Return the same value:
  return exit_code

This ensures the envelope's exit_code field is always truth — the SAME
value the process returns.

## Tests Added (3)

TestEnvelopeExitCodeMatchesProcessExit in test_exec_route_bootstrap_output_format.py:

1. test_exec_command_not_found_envelope_exit_matches:
   Verifies exec-command unknown-cmd returns exit 1 in both envelope
   and process.

2. test_exec_tool_not_found_envelope_exit_matches:
   Same for exec-tool.

3. test_all_commands_exit_code_invariant:
   Audit across 4 known non-zero cases (show-command, show-tool,
   exec-command, exec-tool not-found). Guards against the same bug
   in other surfaces.

## Impact

- 206 → 209 passing tests (+3)
- Zero regressions
- Protocol contract now truthful: envelope.exit_code == process exit
- Claws using the one-handler pattern from ERROR_HANDLING.md now get
  correct information

## Related

- ERROR_HANDLING.md (cycle #22): Documented exit_code as machine-readable
  contract field
- #178/#179 (cycles #19/#20): Closed parser-front-door contract
- This closes a gap in the WORK PROTOCOL contract — envelope values must
  match reality, not just be structurally present.

Classification (per cycle #24 calibration):
- Red-state bug: ✓ (contract violation, claws get misinformation)
- Real friction: ✓ (discovered via dogfood, not speculative)
- Fix ships same-cycle: ✓ (discipline per maintainership mode)

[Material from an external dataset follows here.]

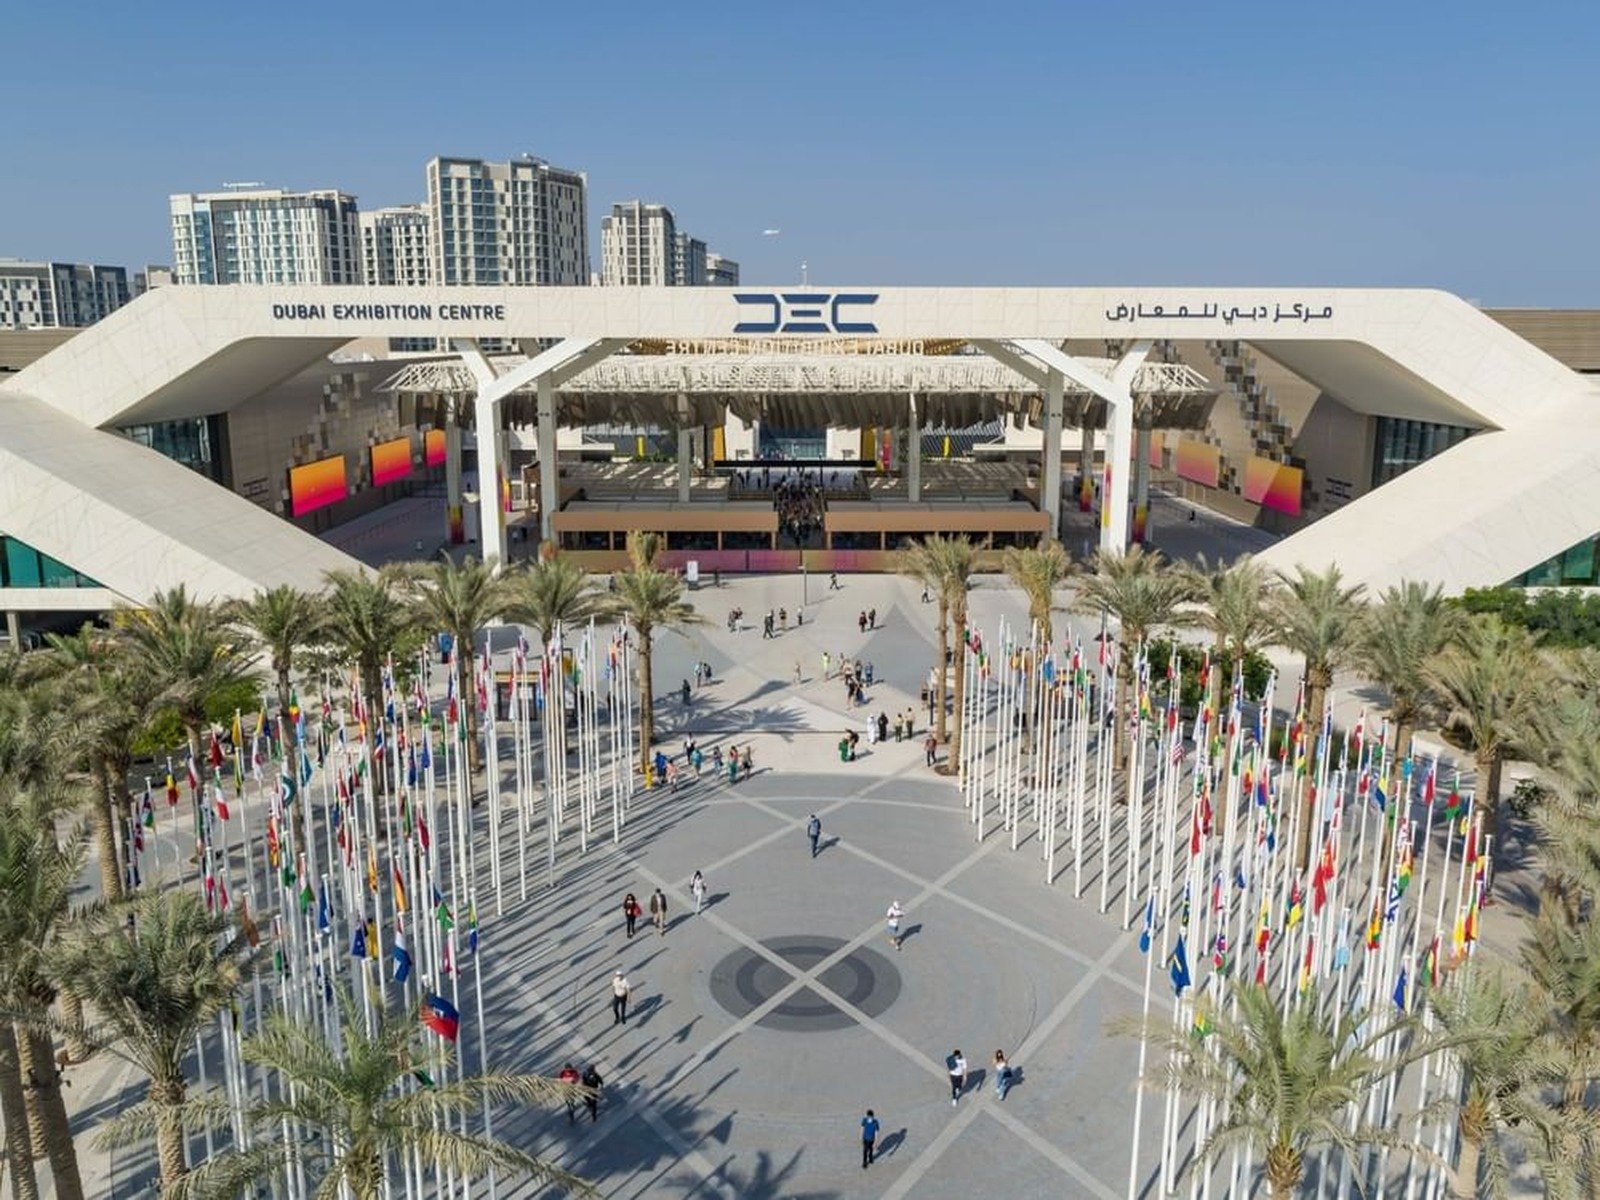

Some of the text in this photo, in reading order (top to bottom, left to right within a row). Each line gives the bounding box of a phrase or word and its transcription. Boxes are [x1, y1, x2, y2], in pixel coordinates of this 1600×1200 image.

[273, 304, 505, 320] DUBAI EXHIBITION CENTRE
[1106, 302, 1333, 326] مركز دبي للمعارض

Source: Jobdori cycle #26 dogfood — ran multiple edge-case probes, noticed
exec-command envelope showed exit_code: 0 while process exited 1.
Investigated wrap_json_envelope default behavior, confirmed bug, fixed
and tested in same cycle.
2026-04-22 21:33:57 +09:00
YeonGyu-Kim
60925fa9f7 fix: #168 — exec-command / exec-tool / route / bootstrap now accept --output-format; CLI family JSON parity COMPLETE
Extends the #167 inspect-surface parity fix to the four remaining CLI
outliers: the commands claws actually invoke to DO work, not just
inspect state. After this commit, the entire claw-code CLI family speaks
a unified JSON envelope contract.

Concrete additions:
- exec-command: --output-format {text,json}
- exec-tool: --output-format {text,json}
- route: --output-format {text,json}
- bootstrap: --output-format {text,json}

JSON envelope shapes:

exec-command (handled):
  {name, prompt, source_hint, handled: true, message}
exec-command (not-found):
  {name, prompt, handled: false,
   error: {kind:'command_not_found', message, retryable: false}}

exec-tool (handled):
  {name, payload, source_hint, handled: true, message}
exec-tool (not-found):
  {name, payload, handled: false,
   error: {kind:'tool_not_found', message, retryable: false}}

route:
  {prompt, limit, match_count, matches: [{kind, name, score, source_hint}]}

bootstrap:
  {prompt, limit,
   setup: {python_version, implementation, platform_name, test_command},
   routed_matches: [{kind, name, score, source_hint}],
   command_execution_messages: [str],
   tool_execution_messages: [str],
   turn: {prompt, output, stop_reason},
   persisted_session_path}

Exit codes (unchanged from pre-#168):
  0 = success
  1 = exec not-found (exec-command, exec-tool only)

Backward compatibility:
  - Default (no --output-format) is 'text'
  - exec-command/exec-tool text output byte-identical
  - route text output: unchanged tab-separated kind/name/score/source_hint
  - bootstrap text output: unchanged Markdown runtime session report

Tests (13 new, test_exec_route_bootstrap_output_format.py):
  - TestExecCommandOutputFormat (3): handled + not-found JSON; text compat
  - TestExecToolOutputFormat (3): handled + not-found JSON; text compat
  - TestRouteOutputFormat (3): JSON envelope; zero-matches case; text compat
  - TestBootstrapOutputFormat (2): JSON envelope; text-mode Markdown compat
  - TestFamilyWideJsonParity (2): parametrised over ALL 6 family commands
    (show-command, show-tool, exec-command, exec-tool, route, bootstrap) —
    every one accepts --output-format json and emits parseable JSON; every
    one defaults to text mode without a leading {. One future regression on
    any family member breaks this test.

Full suite: 124 → 137 passing, zero regression.

Closes ROADMAP #168.

This completes the CLI-wide JSON parity sweep:
- Session-lifecycle family: #160 (list/delete), #165 (load), #166 (flush)
- Inspect family: #167 (show-command, show-tool)
- Work-verb family: #168 (exec-command, exec-tool, route, bootstrap)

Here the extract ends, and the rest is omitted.